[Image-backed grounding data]
********************

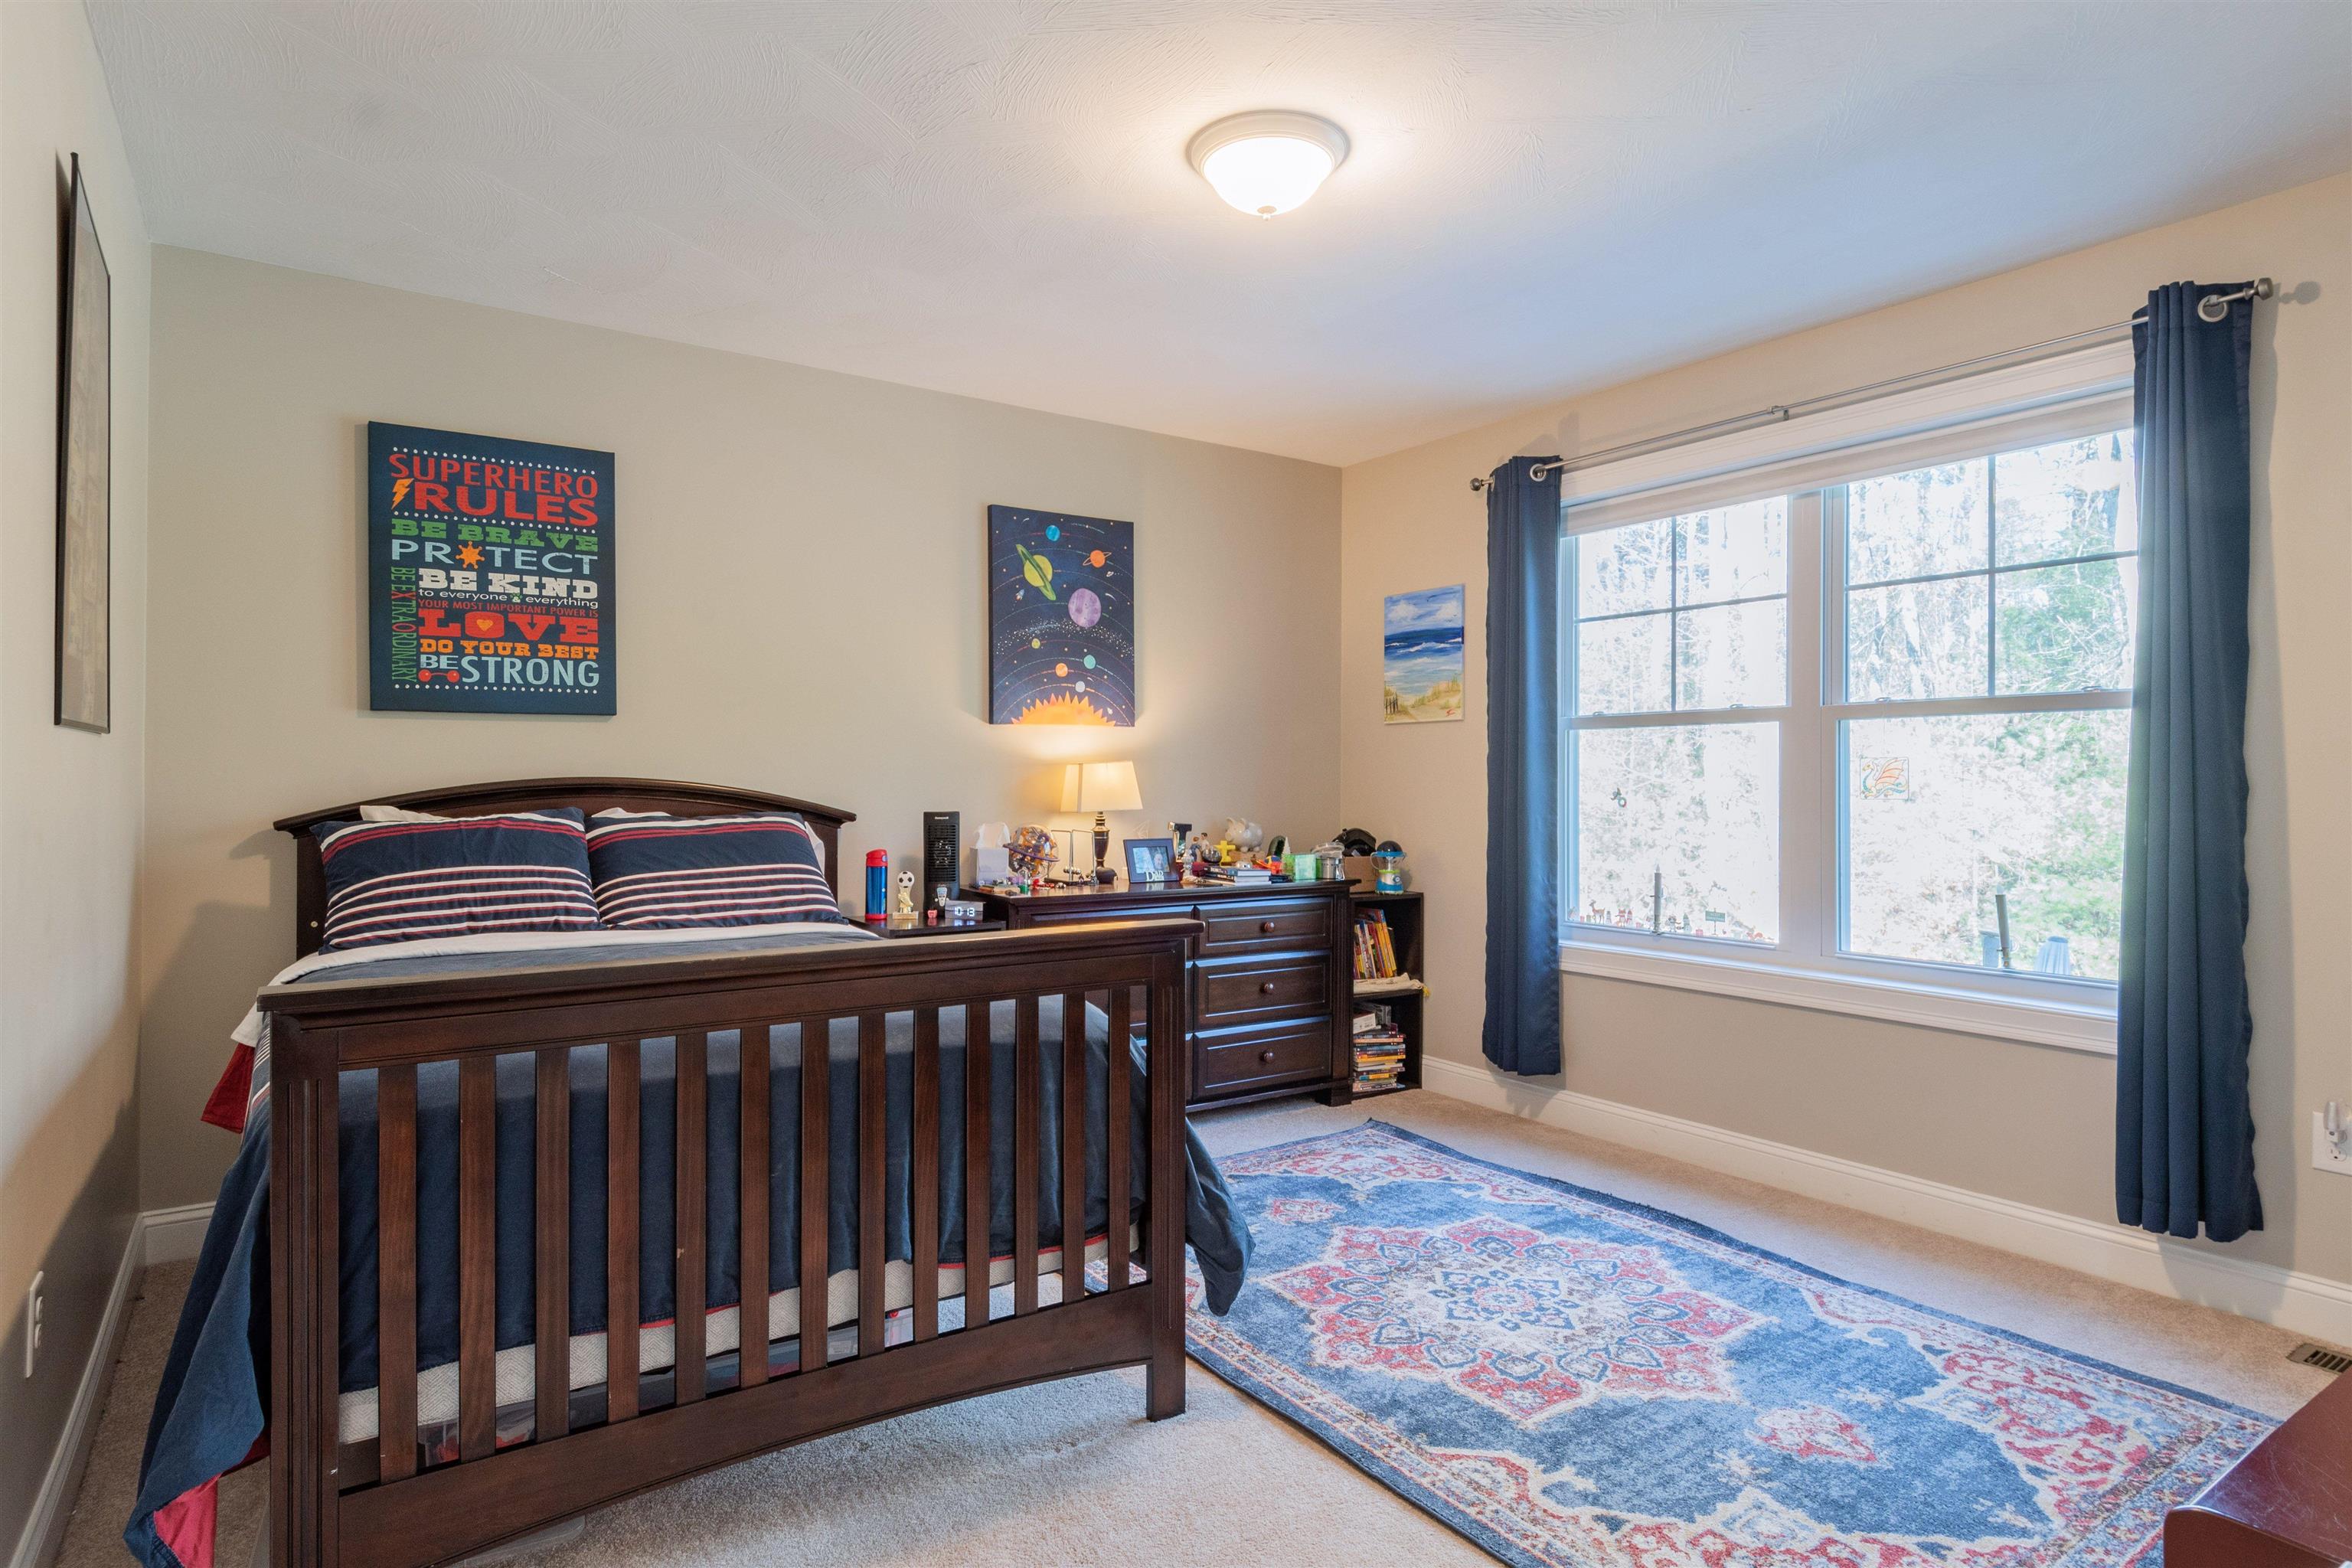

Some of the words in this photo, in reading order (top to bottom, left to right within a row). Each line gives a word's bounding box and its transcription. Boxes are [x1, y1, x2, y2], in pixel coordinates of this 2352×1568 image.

[389, 454, 598, 498] SUPERHERO
[414, 482, 598, 527] RULES
[392, 518, 446, 539] BE
[458, 524, 598, 552] BRAVE
[391, 567, 416, 581] BE
[419, 568, 477, 591] BE
[488, 573, 598, 599] KIND
[418, 589, 434, 597] to
[439, 591, 508, 601] everyone
[525, 596, 598, 609] everything
[418, 599, 449, 608] YOUR
[453, 601, 483, 610] MOST
[487, 603, 547, 614] IMPORTANT
[550, 607, 586, 617] POWER
[589, 609, 599, 618] IS
[391, 584, 417, 682] EXTRAORDINARY
[418, 609, 599, 644] LOVE
[420, 639, 453, 653] DO
[460, 640, 531, 657] YOUR
[537, 644, 599, 660] BEST
[420, 655, 459, 669] BE
[461, 655, 599, 688] STRONG
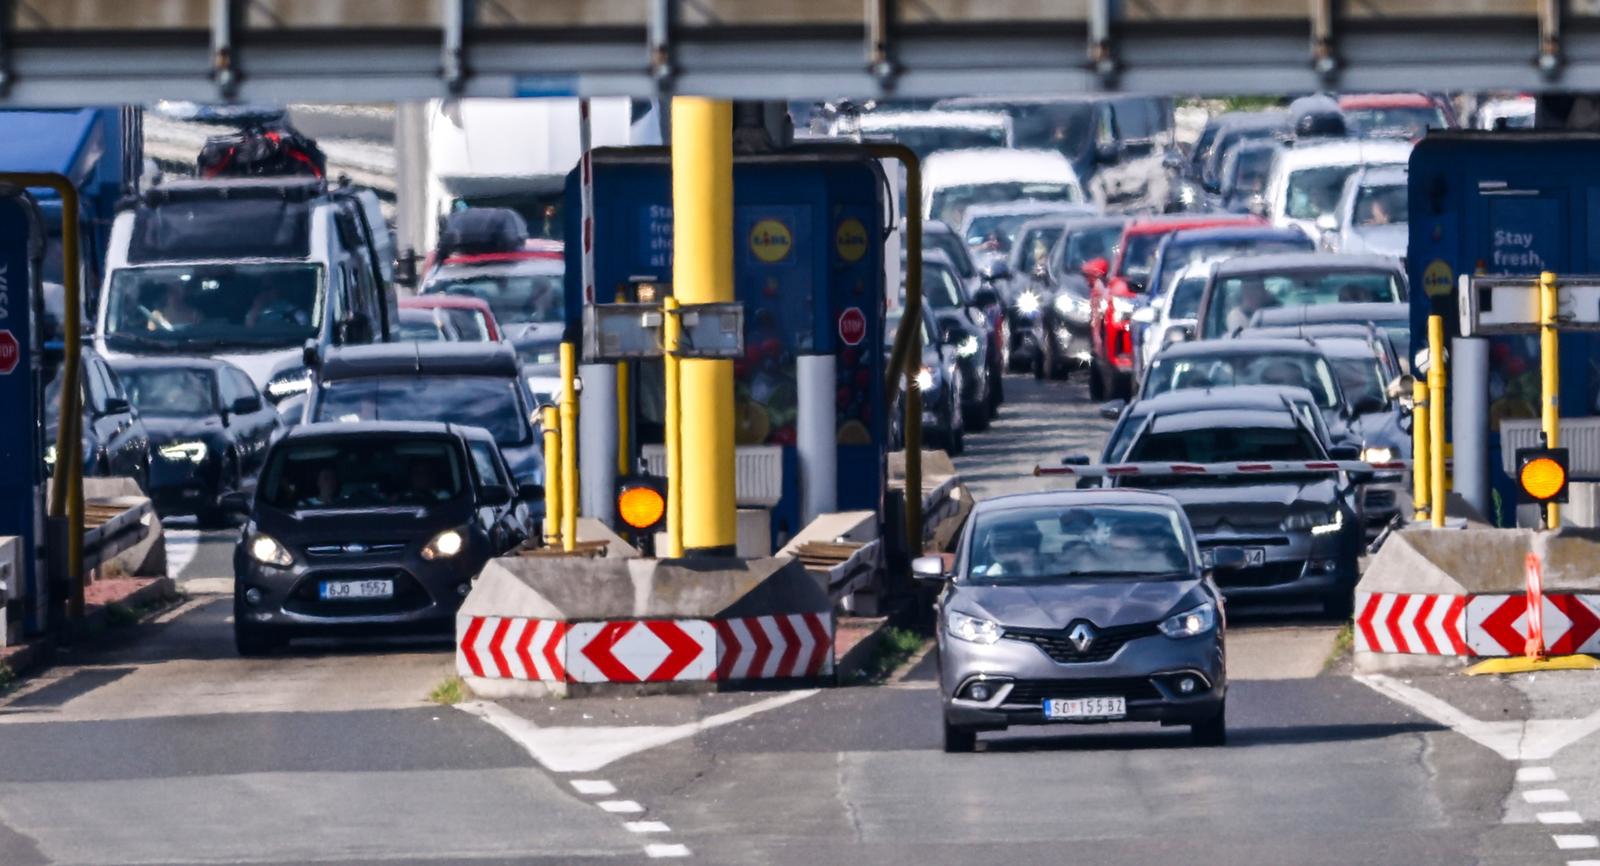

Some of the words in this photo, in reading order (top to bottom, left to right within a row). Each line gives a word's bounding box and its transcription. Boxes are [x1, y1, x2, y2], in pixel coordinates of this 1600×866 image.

[1494, 230, 1533, 248] Stay
[1493, 249, 1545, 269] fresh,
[842, 320, 863, 333] STOP
[360, 581, 387, 594] 1552
[1054, 702, 1069, 714] SO

********************

EXERCISE BRIEF:
Leave the pictures out and return each entry exactly.

WRITTEN SOLUTION:
Some of the words in this photo, in reading order (top to bottom, left to right within a row). Each line gives a word's bounding box and its transcription. Boxes are [x1, y1, x2, y2], in pixel coordinates of this 2352×1568 image.

[389, 454, 598, 498] SUPERHERO
[414, 482, 598, 527] RULES
[392, 518, 446, 539] BE
[458, 524, 598, 552] BRAVE
[391, 567, 416, 581] BE
[419, 568, 477, 591] BE
[488, 573, 598, 599] KIND
[418, 589, 434, 597] to
[439, 591, 508, 601] everyone
[525, 596, 598, 609] everything
[418, 599, 449, 608] YOUR
[453, 601, 483, 610] MOST
[487, 603, 547, 614] IMPORTANT
[550, 607, 586, 617] POWER
[589, 609, 599, 618] IS
[391, 584, 417, 682] EXTRAORDINARY
[418, 609, 599, 644] LOVE
[420, 639, 453, 653] DO
[460, 640, 531, 657] YOUR
[537, 644, 599, 660] BEST
[420, 655, 459, 669] BE
[461, 655, 599, 688] STRONG

Some of the words in this photo, in reading order (top to bottom, left to right within a row). Each line gives a word's bounding box and its transcription. Boxes are [x1, y1, x2, y2], in pixel coordinates of this 1600×866 image.

[1494, 230, 1533, 248] Stay
[1493, 249, 1545, 269] fresh,
[842, 320, 863, 333] STOP
[360, 581, 387, 594] 1552
[1054, 702, 1069, 714] SO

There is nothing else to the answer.